Most people with hypohidrotic ectodermal dysplasia have a reduced ability to sweat (hypohidrosis) because they have fewer sweat glands than normal or their sweat glands do not function properly. Sweating is a major way that the body controls its temperature; as sweat evaporates from the skin, it cools the body.

The hair is often light-coloured, brittle, and slow-growing. This condition is also characterized by absent teeth (hypodontia) or teeth that are malformed.

Hypohidrotic ectodermal dysplasia is the most common form of ectodermal dysplasia in humans. It is estimated to affect at least 1 in 17,000 people worldwide.

== Genetics ==
Mutations in the EDA, EDAR, and EDARADD genes cause hypohidrotic ectodermal dysplasia. The EDA, EDAR, and EDARADD genes provide instructions for making proteins that work together during embryonic development. These proteins form part of a signaling pathway that is critical for the interaction between two cell layers, the ectoderm and the mesoderm. In the early embryo, these cell layers form the basis for many of the body's organs and tissues. Ectoderm-mesoderm interactions are essential for the formation of several structures that arise from the ectoderm, including the skin, hair, nails, teeth, and sweat glands.

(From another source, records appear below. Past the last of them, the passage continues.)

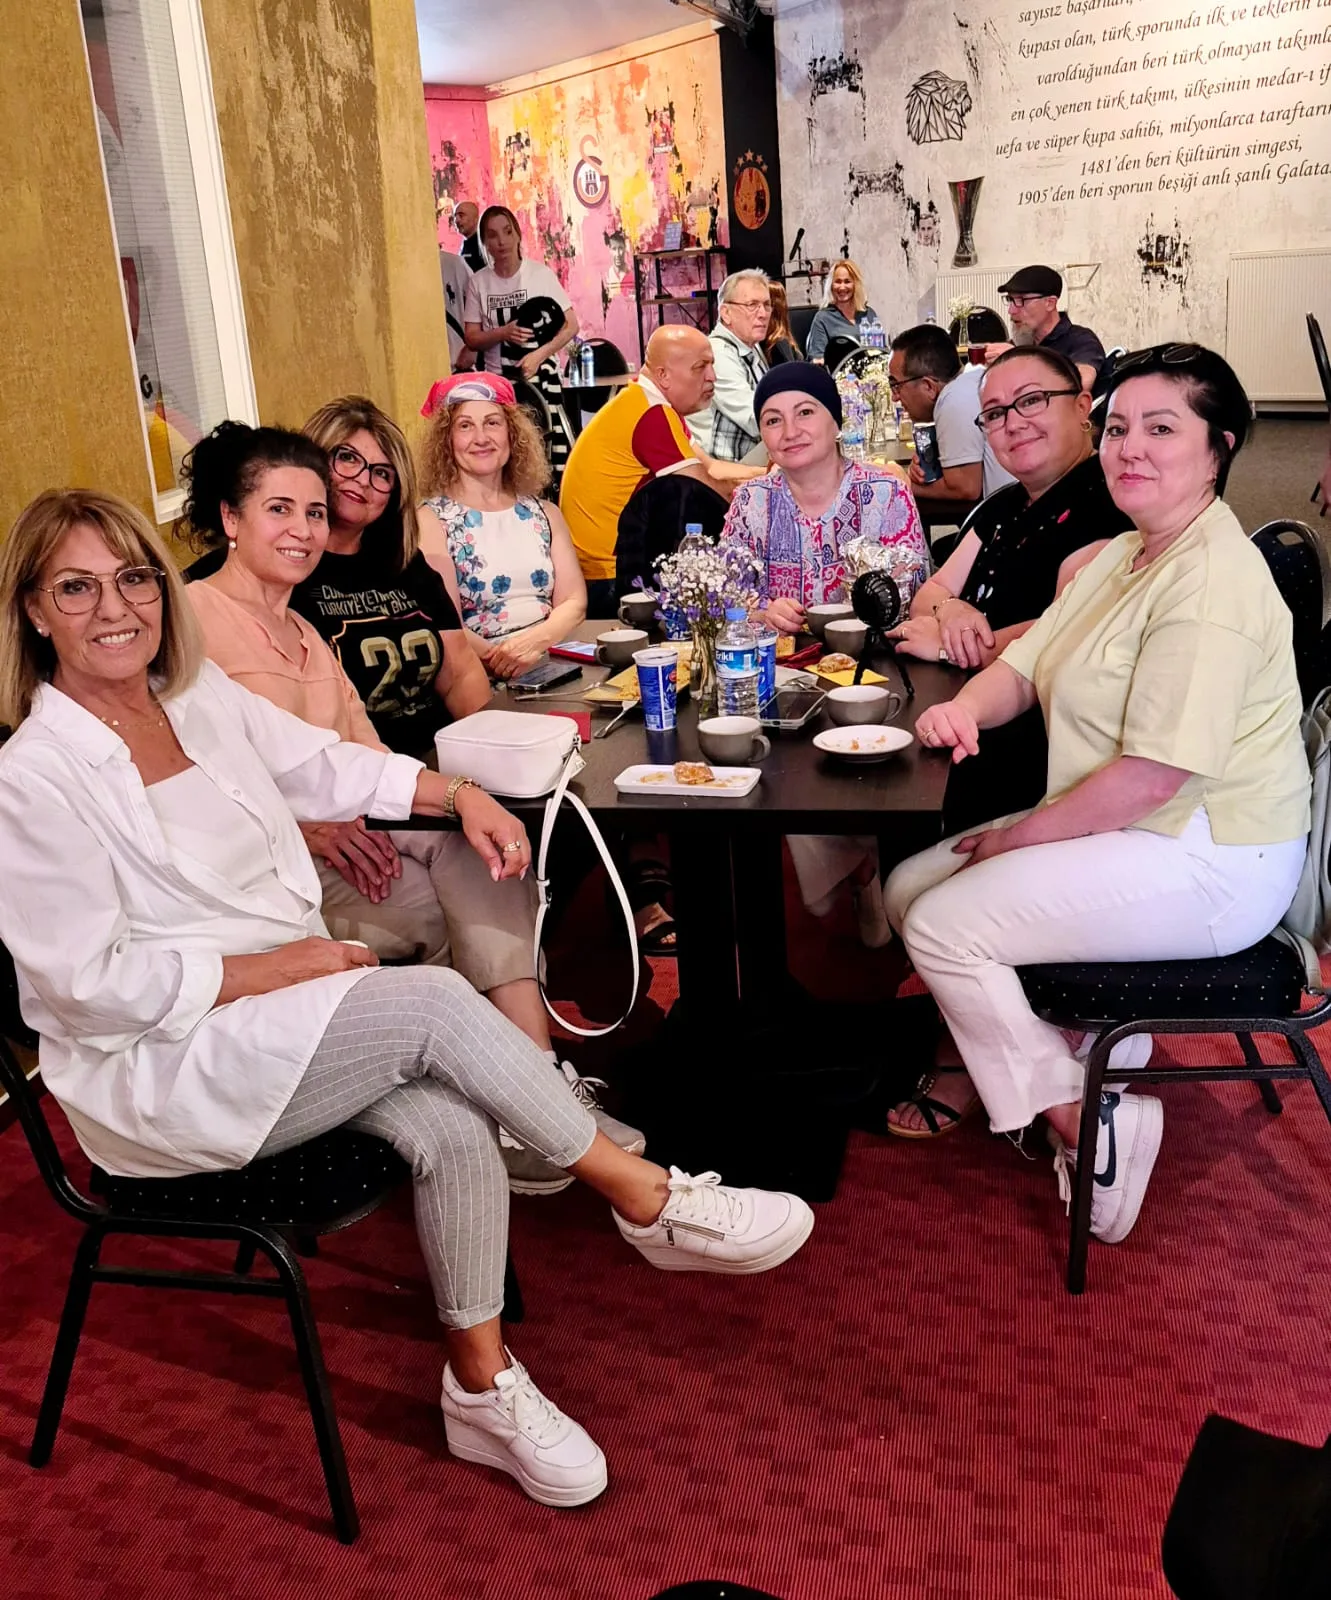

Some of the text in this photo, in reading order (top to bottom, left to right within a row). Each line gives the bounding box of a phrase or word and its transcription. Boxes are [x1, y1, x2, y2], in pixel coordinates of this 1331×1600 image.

[1018, 5, 1062, 26] sayısız
[1018, 38, 1060, 59] kupası
[1064, 30, 1096, 48] olan,
[1102, 21, 1134, 42] türk
[1135, 10, 1201, 41] sporunda
[1206, 5, 1229, 26] ilk
[1231, 8, 1247, 21] ve
[1037, 56, 1137, 85] varolduğundan
[1142, 50, 1168, 69] beri
[1172, 44, 1207, 65] türk
[1208, 40, 1271, 61] olmayan
[1011, 108, 1025, 121] en
[1029, 100, 1054, 122] çok
[1053, 102, 1091, 121] yenen
[1096, 90, 1128, 110] türk
[1129, 86, 1177, 107] takımı,
[1184, 75, 1251, 99] ülkesinin
[1256, 67, 1314, 88] medar-ı
[995, 137, 1022, 159] uefa
[1026, 139, 1040, 150] ve
[1043, 133, 1080, 152] süper
[1082, 127, 1115, 147] kupa
[1119, 119, 1164, 140] sahibi,
[1170, 110, 1254, 137] milyonlarca
[1080, 134, 1302, 176] 1481'den beri kültürün simgesi,
[1018, 159, 1331, 205] 1905'den beri sporun beşiği anlı şanlı Galata
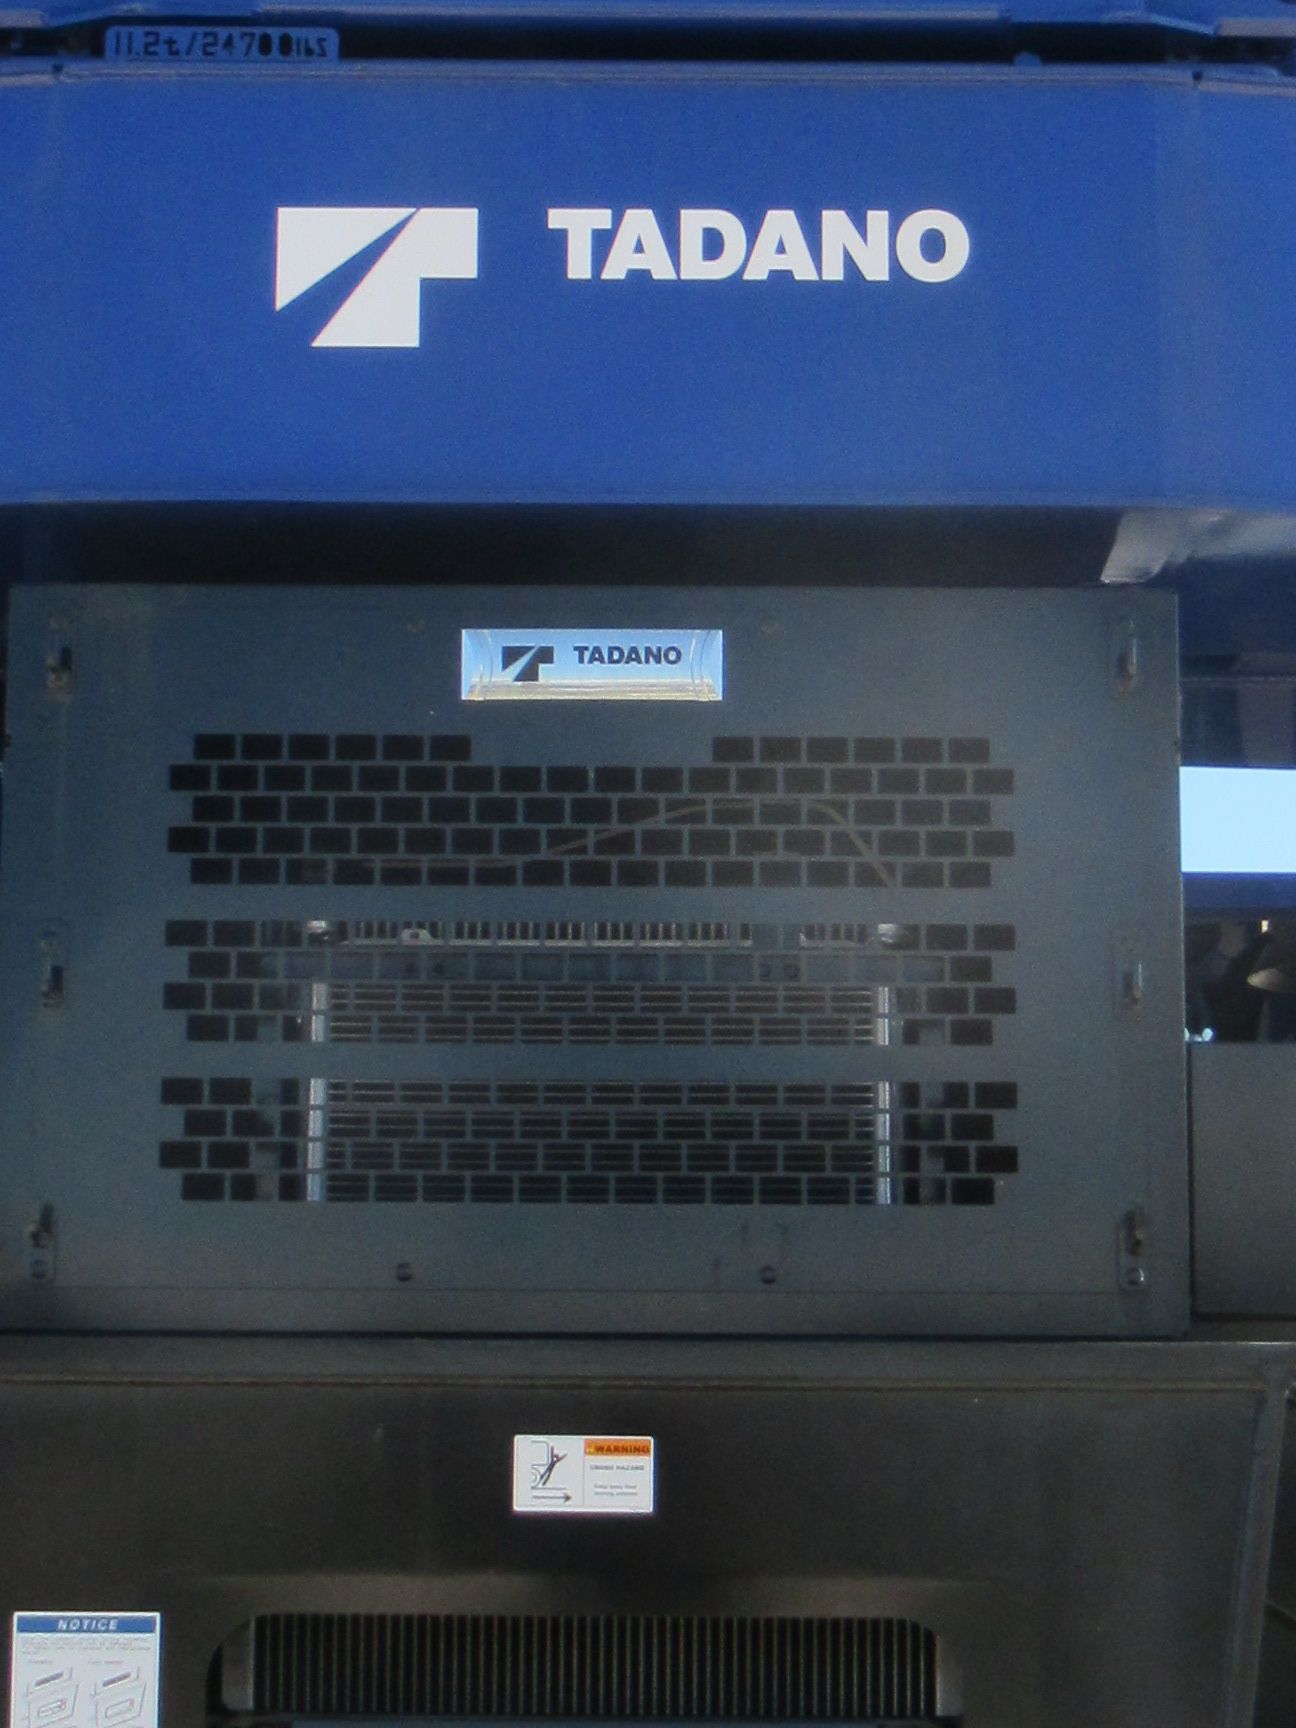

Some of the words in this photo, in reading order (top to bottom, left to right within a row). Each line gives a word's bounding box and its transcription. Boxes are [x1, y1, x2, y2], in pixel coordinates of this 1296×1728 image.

Hypohidrotic ectodermal dysplasia has several different inheritance patterns.

=== EDA (X-linked) ===
Most cases are caused by mutations in the EDA gene, which are inherited in an X-linked recessive pattern, called X-linked hypohidrotic ectodermal dysplasia (XLHED). A condition is considered X-linked if the mutated gene that causes the disorder is located on the X chromosome, one of the two sex chromosomes. In males (who have only one X chromosome), one altered copy of the gene in each cell is sufficient to cause the condition. In females (who have two X chromosomes), a mutation must be present in both copies of the gene to cause the disorder. Males are affected by X-linked recessive disorders much more frequently than females. A striking characteristic of X-linked inheritance is that fathers cannot pass X-linked traits to their sons.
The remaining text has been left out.